Free-text object descriptions
☆ ☆ ☆ ☆ ☆ ☆ ☆

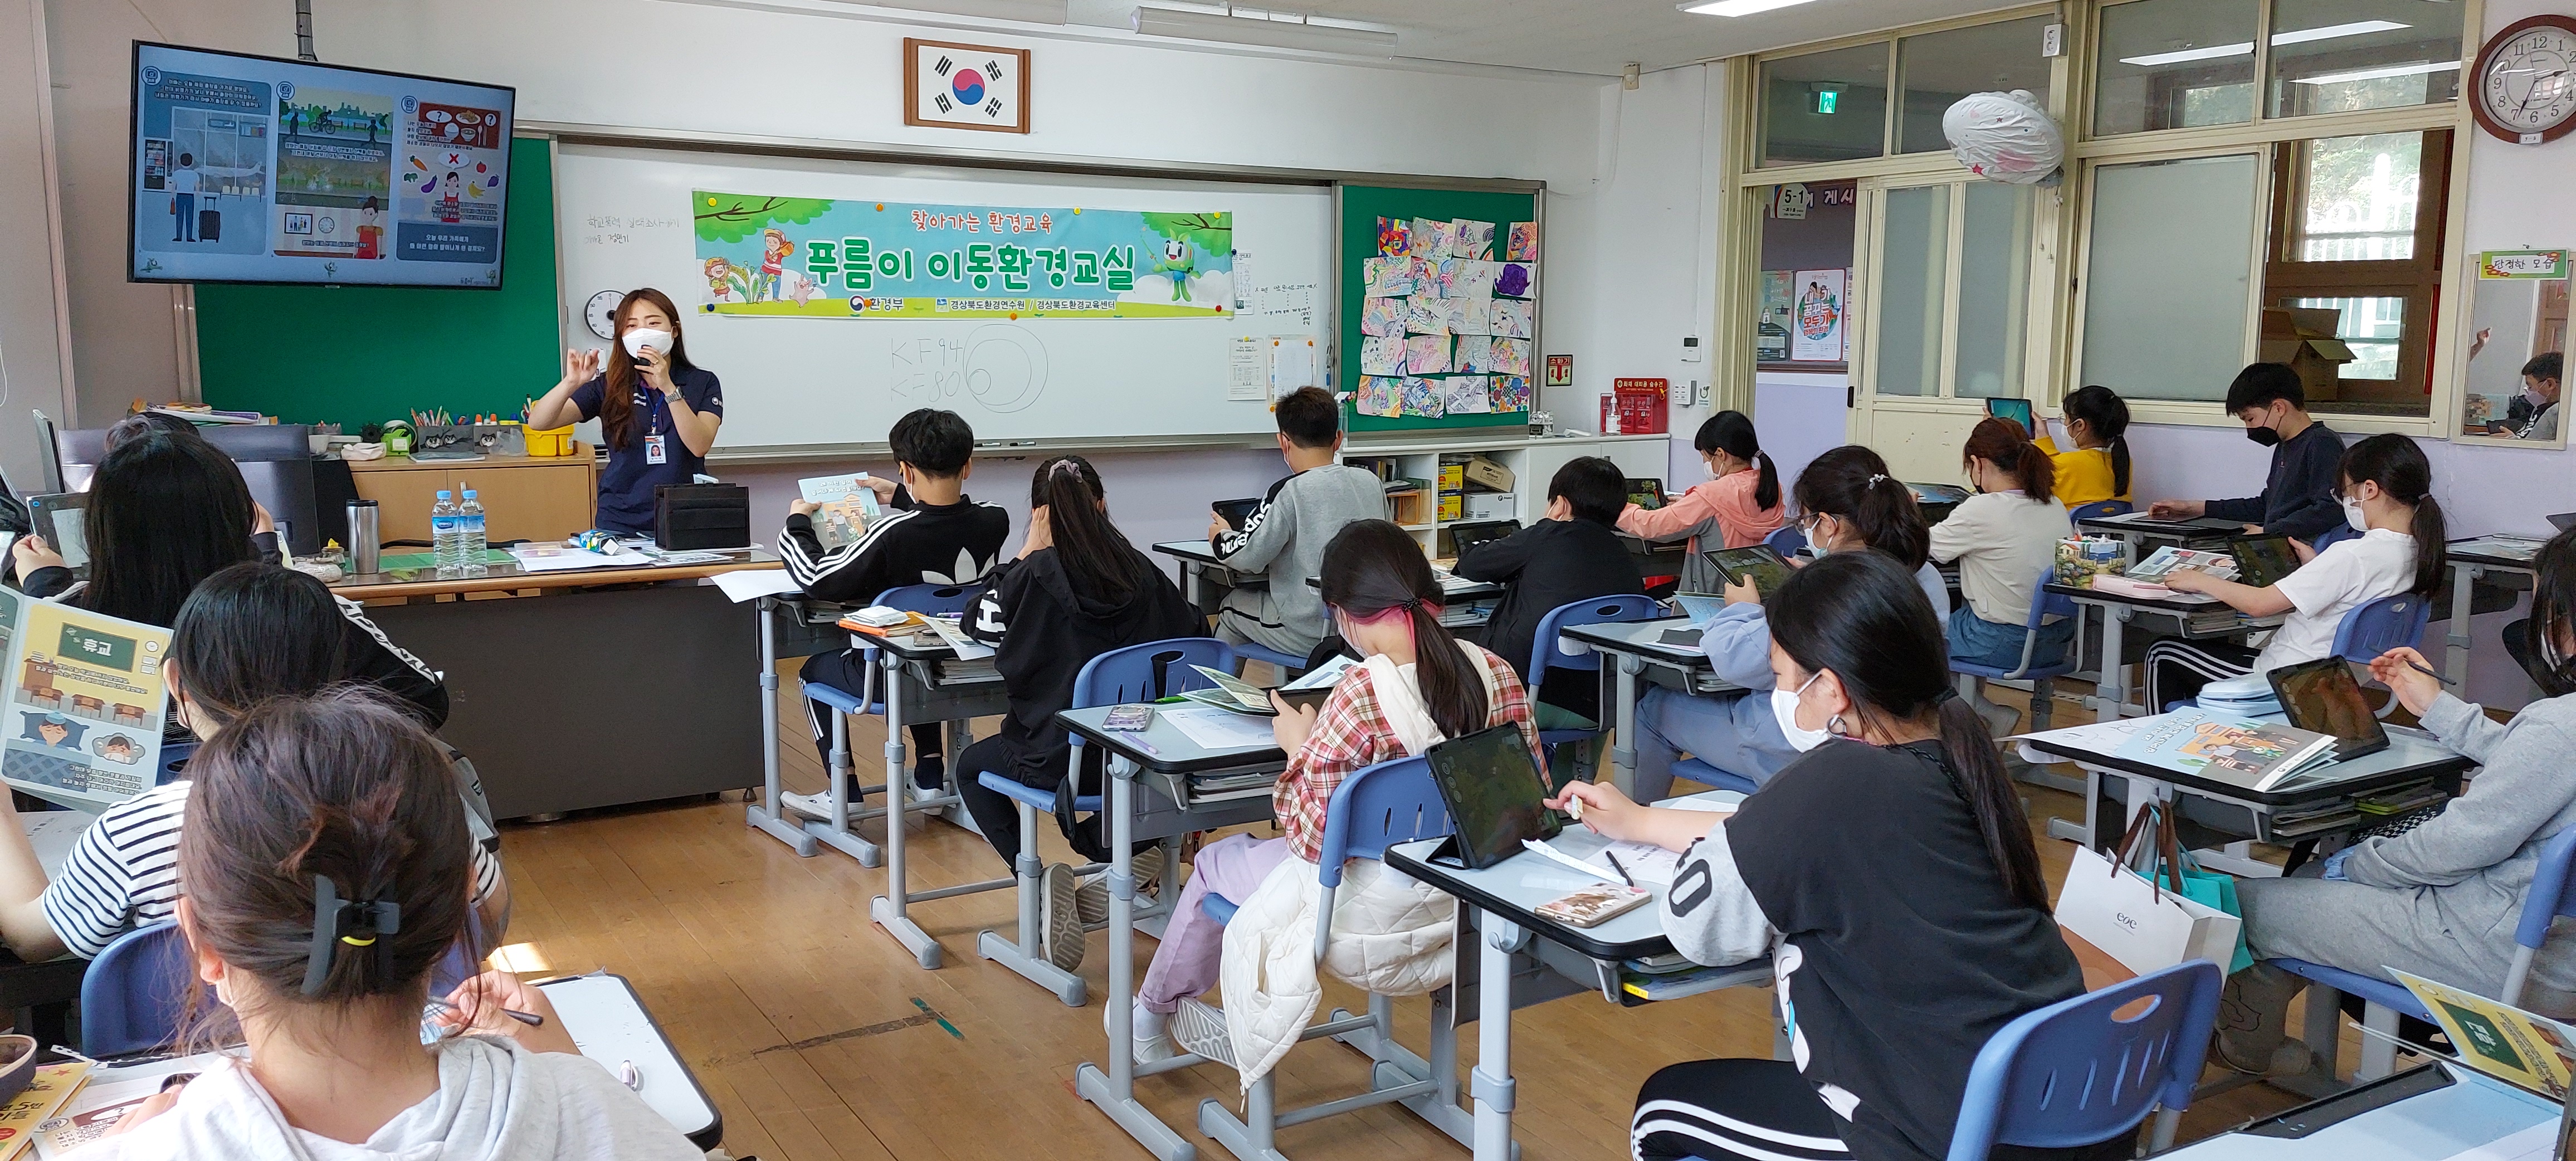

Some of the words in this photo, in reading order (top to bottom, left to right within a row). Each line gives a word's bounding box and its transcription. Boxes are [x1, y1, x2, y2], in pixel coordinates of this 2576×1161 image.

[2514, 43, 2525, 56] 11
[2531, 36, 2548, 50] 12
[2557, 39, 2564, 51] 1
[2494, 77, 2502, 89] 9
[2497, 95, 2506, 108] 8
[2565, 90, 2574, 101] 4
[2510, 109, 2519, 121] 7
[2530, 111, 2538, 123] 6
[2550, 105, 2559, 117] 5
[1784, 189, 1804, 204] 5-1
[911, 210, 980, 232] 찾아가는
[989, 212, 1052, 233] 환경교육
[808, 238, 912, 289] 푸름이
[928, 244, 1134, 292] 이동환경교실
[2494, 258, 2526, 270] 단정한
[2533, 258, 2553, 270] 모습
[870, 297, 904, 311] 환경부
[950, 300, 1025, 310] 경상북도환경연수원
[1037, 300, 1116, 311] 경상북도환경교육센터
[1804, 303, 1831, 316] 꿈꾸는
[1803, 313, 1829, 329] 모두가
[82, 637, 112, 657] 휴교
[2117, 912, 2137, 929] eoe

☆ ☆ ☆ ☆ ☆ ☆ ☆

■ What the task asks ■
Restate every line above exactly, omitting images.

■ Answer to this exercise ■
Some of the words in this photo, in reading order (top to bottom, left to right within a row). Each line gives a word's bounding box and its transcription. Boxes are [x1, y1, x2, y2], in pixel coordinates of this 2576×1161 image.

[2514, 43, 2525, 56] 11
[2531, 36, 2548, 50] 12
[2557, 39, 2564, 51] 1
[2494, 77, 2502, 89] 9
[2497, 95, 2506, 108] 8
[2565, 90, 2574, 101] 4
[2510, 109, 2519, 121] 7
[2530, 111, 2538, 123] 6
[2550, 105, 2559, 117] 5
[1784, 189, 1804, 204] 5-1
[911, 210, 980, 232] 찾아가는
[989, 212, 1052, 233] 환경교육
[808, 238, 912, 289] 푸름이
[928, 244, 1134, 292] 이동환경교실
[2494, 258, 2526, 270] 단정한
[2533, 258, 2553, 270] 모습
[870, 297, 904, 311] 환경부
[950, 300, 1025, 310] 경상북도환경연수원
[1037, 300, 1116, 311] 경상북도환경교육센터
[1804, 303, 1831, 316] 꿈꾸는
[1803, 313, 1829, 329] 모두가
[82, 637, 112, 657] 휴교
[2117, 912, 2137, 929] eoe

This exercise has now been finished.